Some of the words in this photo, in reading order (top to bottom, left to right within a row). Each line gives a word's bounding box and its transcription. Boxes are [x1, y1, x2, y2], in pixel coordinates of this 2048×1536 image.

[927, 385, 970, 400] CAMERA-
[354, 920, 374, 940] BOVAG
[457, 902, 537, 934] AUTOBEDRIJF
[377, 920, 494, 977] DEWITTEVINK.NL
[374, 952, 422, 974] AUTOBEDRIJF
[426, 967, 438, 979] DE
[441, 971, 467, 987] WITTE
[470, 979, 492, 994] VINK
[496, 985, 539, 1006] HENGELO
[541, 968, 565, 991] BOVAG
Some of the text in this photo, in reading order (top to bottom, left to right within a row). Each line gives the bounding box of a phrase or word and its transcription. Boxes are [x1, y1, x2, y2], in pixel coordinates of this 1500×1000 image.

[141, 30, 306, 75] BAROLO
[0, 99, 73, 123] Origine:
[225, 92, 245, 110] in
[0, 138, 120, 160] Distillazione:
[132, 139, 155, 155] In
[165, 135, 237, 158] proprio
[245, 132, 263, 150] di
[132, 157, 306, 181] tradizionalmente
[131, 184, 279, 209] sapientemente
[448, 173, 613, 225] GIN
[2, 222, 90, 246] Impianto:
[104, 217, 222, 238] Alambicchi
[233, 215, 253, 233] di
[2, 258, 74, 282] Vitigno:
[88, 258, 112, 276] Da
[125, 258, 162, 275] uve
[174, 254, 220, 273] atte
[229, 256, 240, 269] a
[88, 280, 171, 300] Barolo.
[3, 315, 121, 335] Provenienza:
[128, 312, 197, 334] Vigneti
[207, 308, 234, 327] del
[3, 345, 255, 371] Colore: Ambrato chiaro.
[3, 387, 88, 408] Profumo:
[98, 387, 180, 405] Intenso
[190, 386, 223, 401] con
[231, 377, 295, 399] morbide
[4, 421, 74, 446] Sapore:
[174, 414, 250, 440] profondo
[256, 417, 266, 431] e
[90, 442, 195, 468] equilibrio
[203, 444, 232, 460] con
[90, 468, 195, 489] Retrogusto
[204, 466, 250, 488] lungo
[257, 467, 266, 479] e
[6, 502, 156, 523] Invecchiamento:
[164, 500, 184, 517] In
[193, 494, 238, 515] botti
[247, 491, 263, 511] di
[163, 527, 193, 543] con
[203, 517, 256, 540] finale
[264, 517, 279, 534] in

_ _ _ _

• [Task statement]
Starting at the line with "Some of the text", retype each line through the final one in the data above, unchanged and with nothing added.

• [Problem solution]
Some of the text in this photo, in reading order (top to bottom, left to right within a row). Each line gives the bounding box of a phrase or word and its transcription. Boxes are [x1, y1, x2, y2], in pixel coordinates of this 1500×1000 image.

[141, 30, 306, 75] BAROLO
[0, 99, 73, 123] Origine:
[225, 92, 245, 110] in
[0, 138, 120, 160] Distillazione:
[132, 139, 155, 155] In
[165, 135, 237, 158] proprio
[245, 132, 263, 150] di
[132, 157, 306, 181] tradizionalmente
[131, 184, 279, 209] sapientemente
[448, 173, 613, 225] GIN
[2, 222, 90, 246] Impianto:
[104, 217, 222, 238] Alambicchi
[233, 215, 253, 233] di
[2, 258, 74, 282] Vitigno:
[88, 258, 112, 276] Da
[125, 258, 162, 275] uve
[174, 254, 220, 273] atte
[229, 256, 240, 269] a
[88, 280, 171, 300] Barolo.
[3, 315, 121, 335] Provenienza:
[128, 312, 197, 334] Vigneti
[207, 308, 234, 327] del
[3, 345, 255, 371] Colore: Ambrato chiaro.
[3, 387, 88, 408] Profumo:
[98, 387, 180, 405] Intenso
[190, 386, 223, 401] con
[231, 377, 295, 399] morbide
[4, 421, 74, 446] Sapore:
[174, 414, 250, 440] profondo
[256, 417, 266, 431] e
[90, 442, 195, 468] equilibrio
[203, 444, 232, 460] con
[90, 468, 195, 489] Retrogusto
[204, 466, 250, 488] lungo
[257, 467, 266, 479] e
[6, 502, 156, 523] Invecchiamento:
[164, 500, 184, 517] In
[193, 494, 238, 515] botti
[247, 491, 263, 511] di
[163, 527, 193, 543] con
[203, 517, 256, 540] finale
[264, 517, 279, 534] in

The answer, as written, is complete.